Learning from software errors – Part 2: Why did Ariane 5 explode after take-off?

A 64-bit floating point value caused Ariane 5 to skid – IT mishaps always repeat the same pattern. But we can learn from them.

listen Print view
Keyboard with "Oops!!!" button

(Image: jurgenfr/ Shutterstock.com)

4 min. read
By
  • Golo Roden

Numbers seem so natural in programs that many developers treat them intuitively as they would in mathematics: addition, subtraction, multiplication—what could possibly go wrong? In practice, however, there are numerous pitfalls lurking here. Memory limitations, rounding errors, conversions between data types, and the different treatment of integers and floating-point numbers repeatedly lead to catastrophic errors.

Golo Roden - Serie: Aus Softwarefehlern lernen

An iconic example of this is the failure of the first Ariane 5 launch in 1996. Just 37 seconds after launch, the rocket left its trajectory began to spin uncontrollably and eventually self-destructed. The cause was not a material problem or a defect in the rocket, but a software error in the inertial navigation software.

Videos by heise

Specifically, the system attempted to convert a 64-bit floating-point value into a 16-bit integer. However, the value was too large for Ariane 5, and an overflow occurred, which then triggered an exception. As a result, the entire control system shut down. As the rocket had two identical systems running synchronously, the error was immediately repeated on the backup, so the redundancy couldn't help.
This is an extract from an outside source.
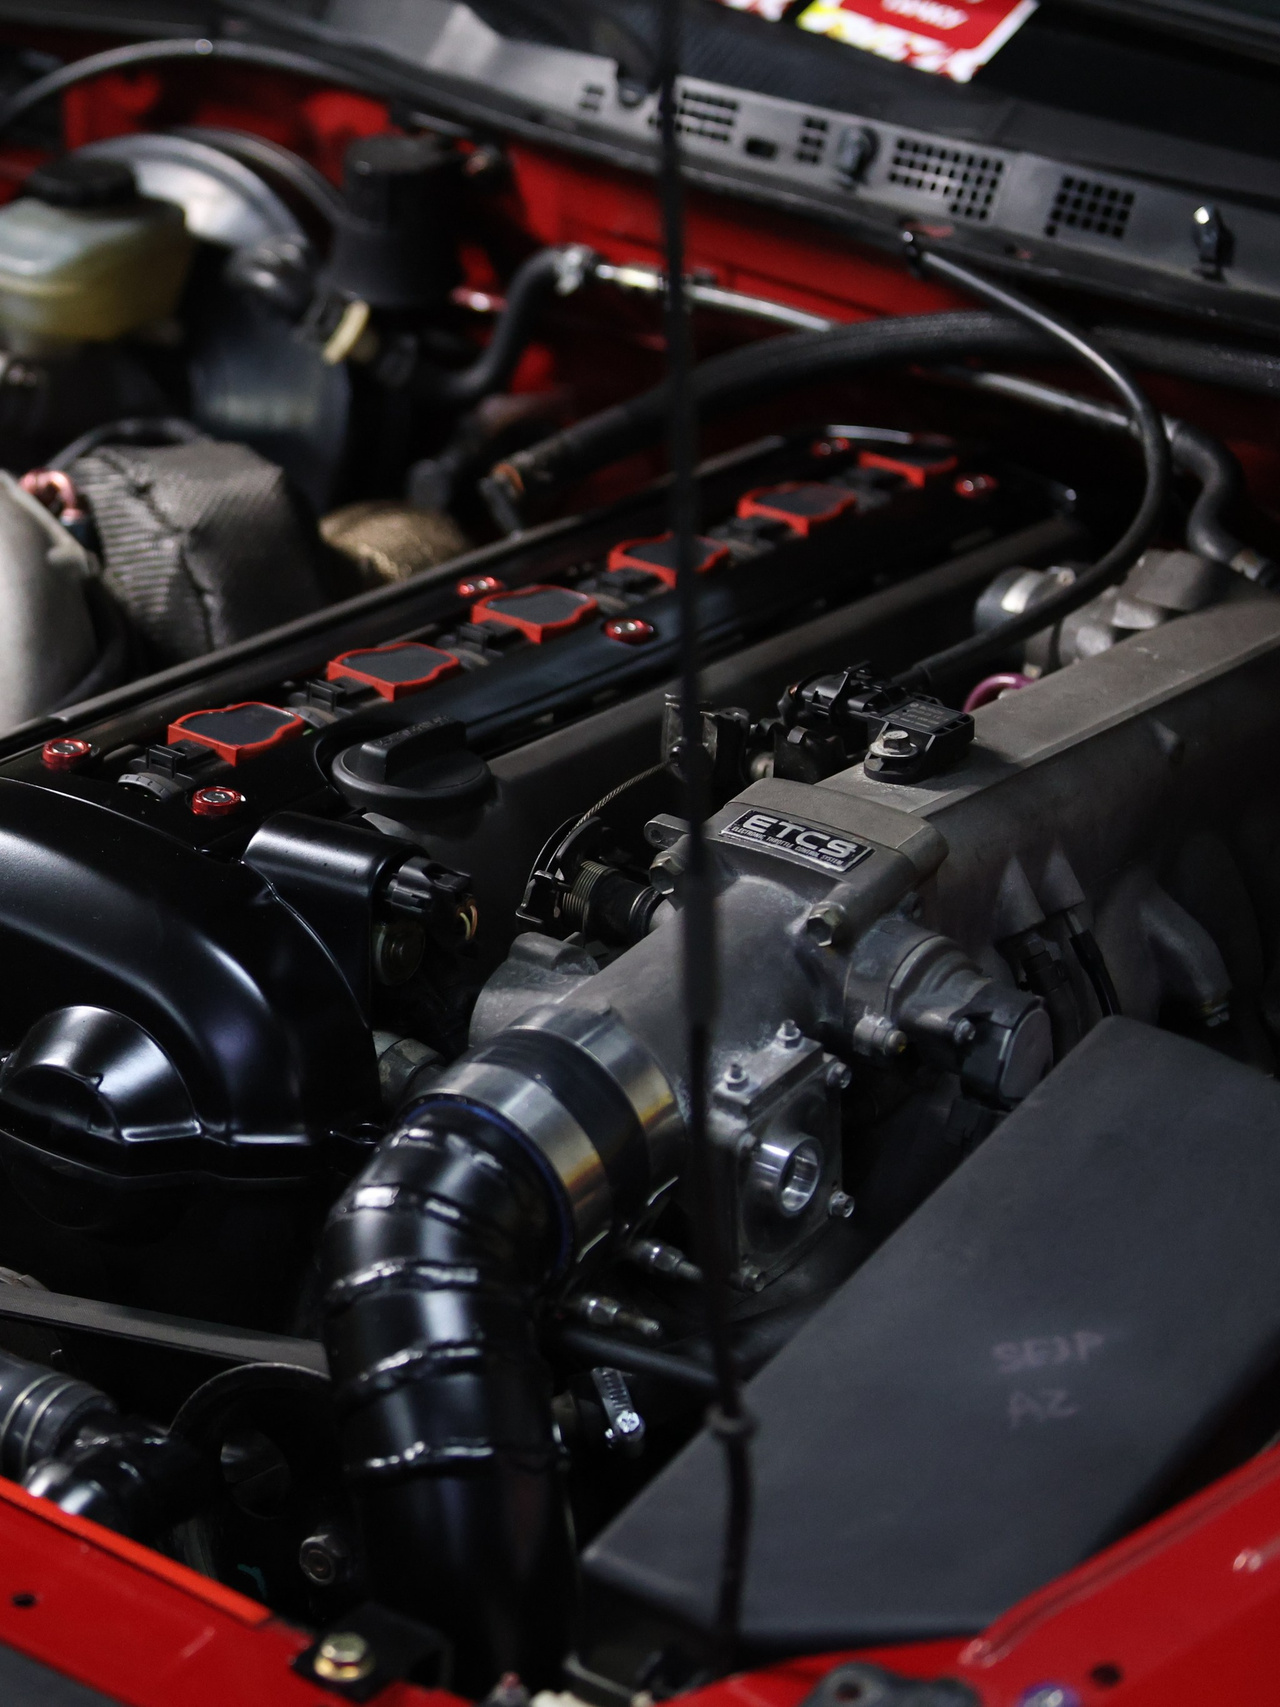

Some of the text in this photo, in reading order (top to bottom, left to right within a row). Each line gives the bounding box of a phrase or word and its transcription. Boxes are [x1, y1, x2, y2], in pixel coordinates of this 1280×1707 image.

[731, 825, 845, 866] ELECTRONIC THROTTLE CONTROL SYSTEM
[742, 813, 858, 860] ETCS
This raises the question: Why does something like this happen in a multi-billion dollar space program? The answer is indeed instructive: the Ariane 5 software was based in part on its predecessor, Ariane 4, where the value ranges were smaller and a 16-bit integer was perfectly adequate. With Ariane 5, however, the accelerations were in a different range. The old assumptions no longer applied, but the developers never checked the corresponding code paths. After all, the software had already been working reliably for years.

This pattern can still be found in countless projects today:

  • Developers adopt old code paths without checking their validity for new operating conditions.
  • Implicit type conversions or missing range checks lead to overflows in borderline cases.
  • Error handling is missing or too global, as in the case of Ariane, where a single exception led to total failure.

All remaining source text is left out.